The cafe was empty, except for a table with two women — both final-year medical students — and another with a woman, already a practicing doctor, and her two children. The doctor said her husband lived abroad. What was consuming her thoughts now was how, if the Taliban entered the city and re-established their old rules, she could keep managing groceries and the daily basics for her children without a male chaperone.
咖啡馆里空无一人,只有一桌坐着两个女人,都是医学院的大四学生,还有一桌是一个已是执业医生的女人和她的两个孩子。这位医生说,她丈夫住在国外。现在她想的是,如果塔利班进入这座城市,重新建立他们的旧规矩,在没有男性陪伴的情况下,她该如何处理每天的食品杂货采买和照料孩子们的日常所需。
“I was never into news. But the past couple weeks, my phone is in my hand and I am constantly scrolling to see which province falls next. The helicopters overhead multiply the fear,” said one of the medical students, 22. “The university canceled the exams today because in the past two or three subjects that we had exams everyone did so poorly — no one, in any way, was ready for exams.”
“我从来都不喜欢看新闻。但在过去的几周里,我拿着手机,不停地滑动屏幕,看下一个被攻陷的是哪个省。头顶上的直升机加剧了我的恐惧,”一名22岁的医学生说。“大学取消了今天的考试,因为在过去的两三门考试中,每个人都考得很差,无论如何,没有人为考试做好了准备。”
By early afternoon, it was increasingly clear that the government had collapsed, that the president and his entourage had gone. The signs of it were in the chorus of rumors, the people rushing home, afraid to look back in the direction from which the Taliban were said to have arrived. The streets were emptying.
到了下午早些时候,越来越明显的是,政府已经崩溃,总统和他的随从也已经离开了。从谣言四起、人们蜂拥回家、不敢回头看塔利班到达的方向中都能看出端倪。街上的人越来越少。
People moved quickly, trying to find safety. In an odd coincidence, they passed through mournful streetside commemorations of the eve of Ashura, which marks the day the Prophet Muhammad’s grandson was martyred. There were gunshots, speeding vehicles and even tanks roaming the streets — no one knew what belonged to whom. The Taliban later said the vacuum had forced them to enter the capital, to head off anarchy, rather than wait for a more gradual transition.
人们迅速行动,试图找到安全的地方。一个奇怪的巧合是,他们会匆匆路过阿舒拉节前夕充满哀悼氛围的街边纪念。阿舒拉节是先知穆罕默德的孙子殉难的日子。街上到处是枪声、超速行驶的车辆,甚至坦克,没有人知道这都是谁的。塔利班后来说,这一权力真空期让他们不得不进入首都以阻止无政府状态,而不是等待一个更渐进的过渡。
In the days since, Kabul has been a paradox that in many ways is reminiscent of the Taliban’s 1990s rule, no matter the softer tone of their public statements.
在此后的日子里,喀布尔一直充满矛盾,它在很多方面都让人想起了上世纪90年代的塔利班统治,不管他们公开声明的语气有多温和。

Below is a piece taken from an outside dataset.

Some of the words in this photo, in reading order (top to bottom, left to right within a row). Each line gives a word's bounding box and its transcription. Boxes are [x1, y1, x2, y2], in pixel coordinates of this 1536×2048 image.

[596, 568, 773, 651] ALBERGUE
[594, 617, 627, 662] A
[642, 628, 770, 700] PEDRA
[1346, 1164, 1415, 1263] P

On the one hand, petty crime is down, walking the streets feels physically safer, and the Taliban are touting the fact that beyond the airport, casualties of war — not long after 50 to 100 people a day were being killed — are now close to zero.

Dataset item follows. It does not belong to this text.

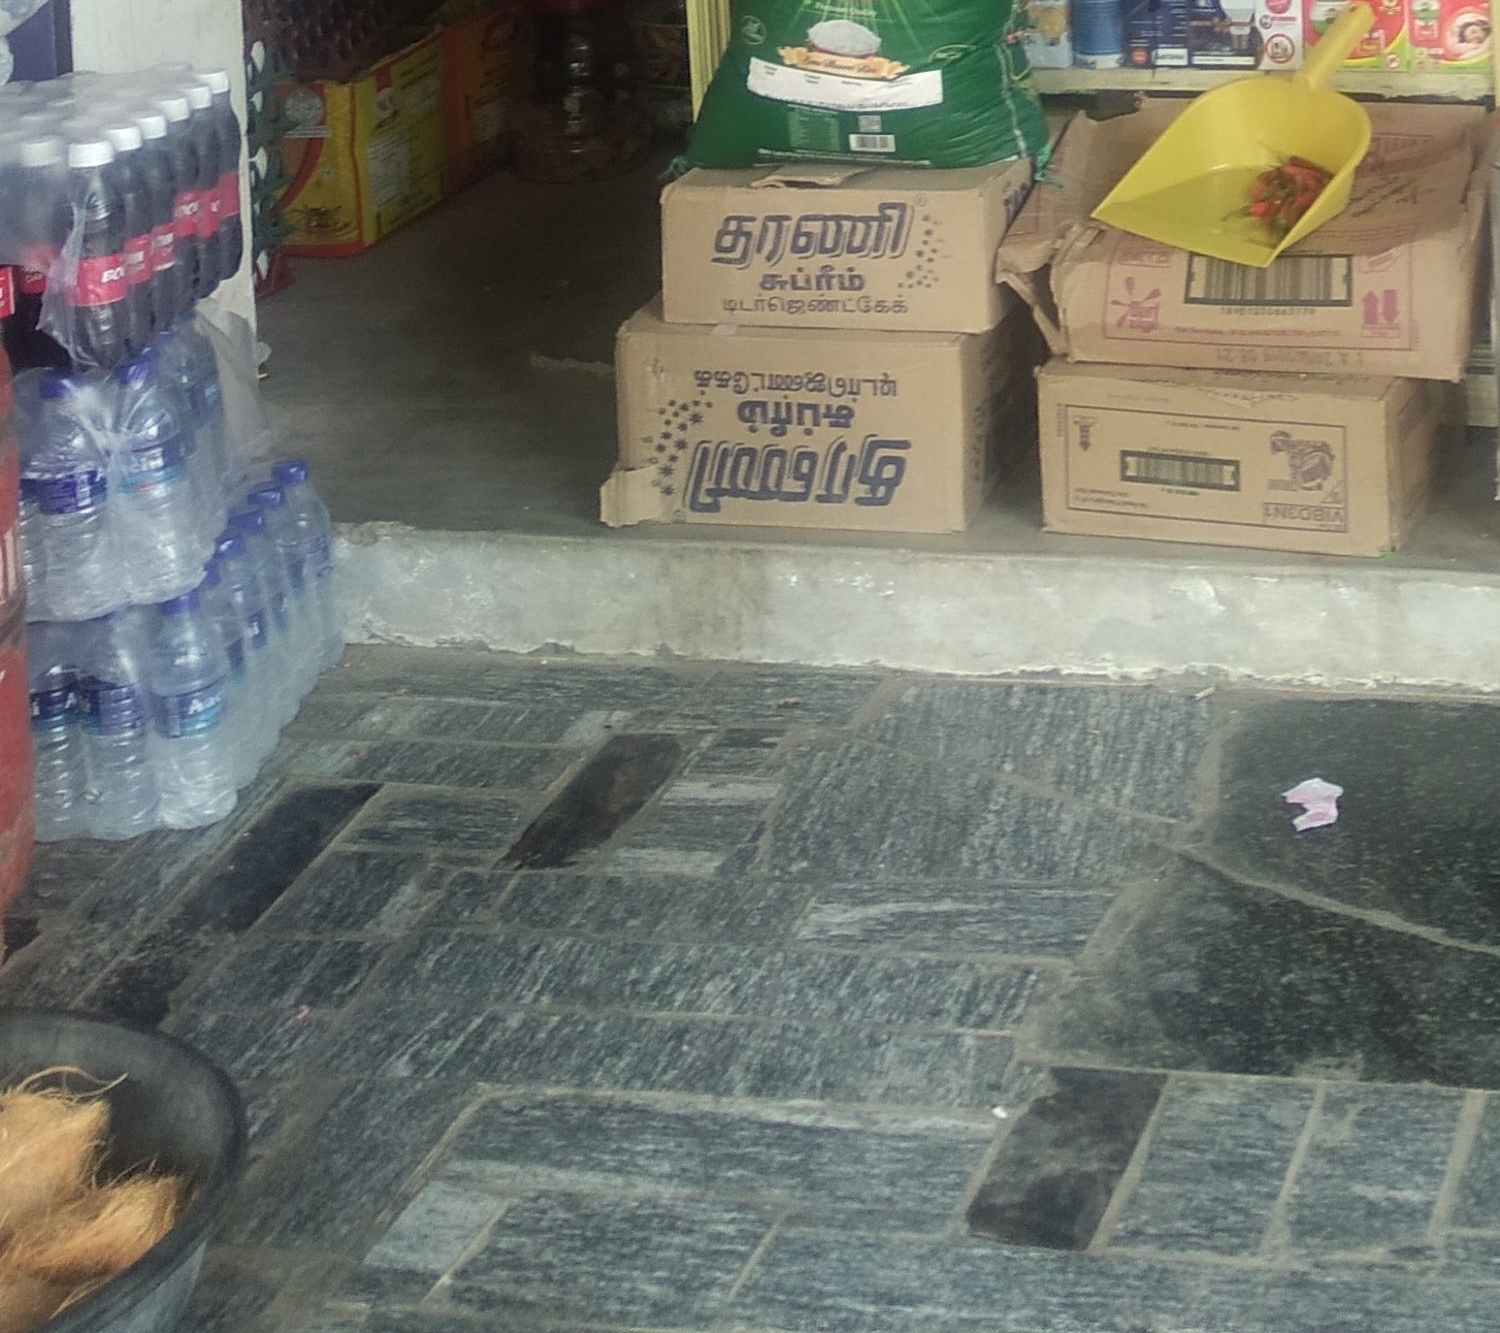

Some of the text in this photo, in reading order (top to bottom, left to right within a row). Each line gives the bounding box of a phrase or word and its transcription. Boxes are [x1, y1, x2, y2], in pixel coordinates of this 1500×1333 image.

[711, 202, 914, 269] தரணி
[759, 264, 866, 291] சுப்ரீம்
[736, 397, 857, 437] சுப்ரீம்
[684, 434, 912, 513] தரணி

一方面,轻微的犯罪减少了,走在街上感觉更安全了,塔利班还在吹嘘:在机场之外,战争造成的伤亡——不久之前每天有50到100人被杀害——现在已经接近于零。
On the other hand, there are the scenes gripping the world. Young Afghan men falling to their deaths after clinging to an American evacuation plane. Thousands of Afghan families massed outside the airport, hoping for any rescue in the last days of the Western withdrawal. The carnage of another suicide bombing, and a promise of chaos to come, even for the Taliban.
另一方面,也有些场面让世界为之揪心。年轻的阿富汗男子在抓住美国撤离飞机后坠亡。成千上万的阿富汗家庭聚集在机场外,希望在西方撤离的最后几天能得到救援。另一场自杀式爆炸的大屠杀,以及即将到来的混乱——即使对塔利班来说也是如此。

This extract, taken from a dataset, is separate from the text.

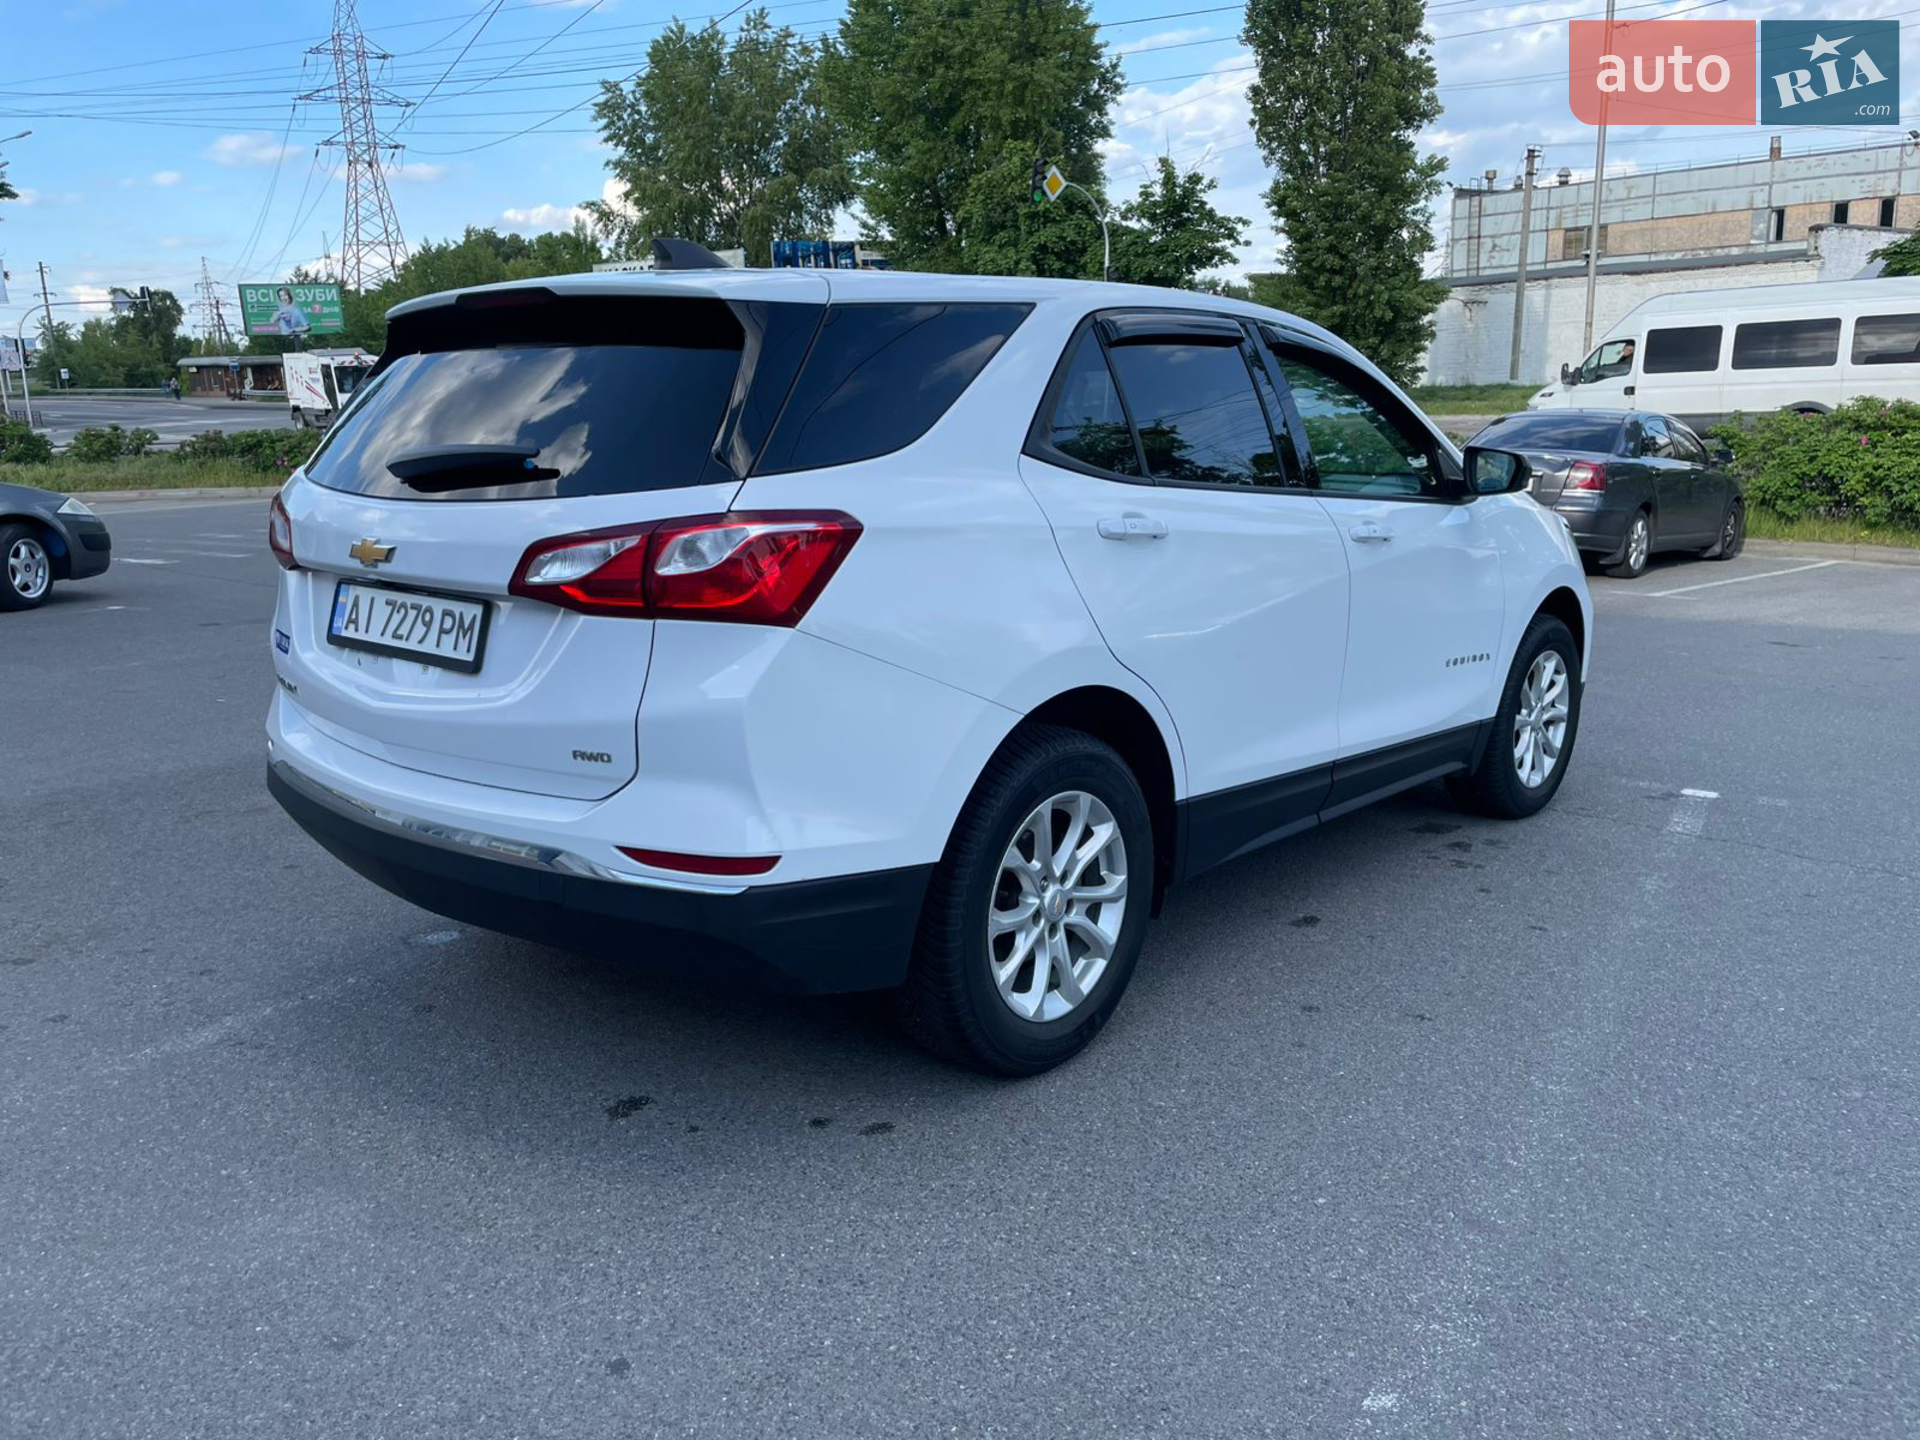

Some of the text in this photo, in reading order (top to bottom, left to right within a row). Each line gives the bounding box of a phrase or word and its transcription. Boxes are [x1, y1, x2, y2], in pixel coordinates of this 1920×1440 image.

[245, 288, 338, 303] ВСІ ЗУБИ
[344, 594, 477, 654] AI 7279 PM
[571, 749, 613, 764] AWD

Many people, including those who are desperately trying to flee, feel a direct threat from the Taliban. But this is also about something bigger: It is about a people giving up on a country.
许多人,包括那些拼命试图逃离的人,都感受到了来自塔利班的直接威胁。但这也关乎更大的事情:这关乎人民对国家的放弃。
After 40 years of violence, and so many cycles of false hope and misleading lulls, what is gripping the hearts of many Afghans is despair: the fear that this time will be no different, unless it is worse.
在经历了40年的暴力,以及如此多次的虚假希望和误导人心的平静之后,笼罩在许多阿富汗人心中的是绝望:他们担心这一次不会有什么不同,除非情况变得更糟。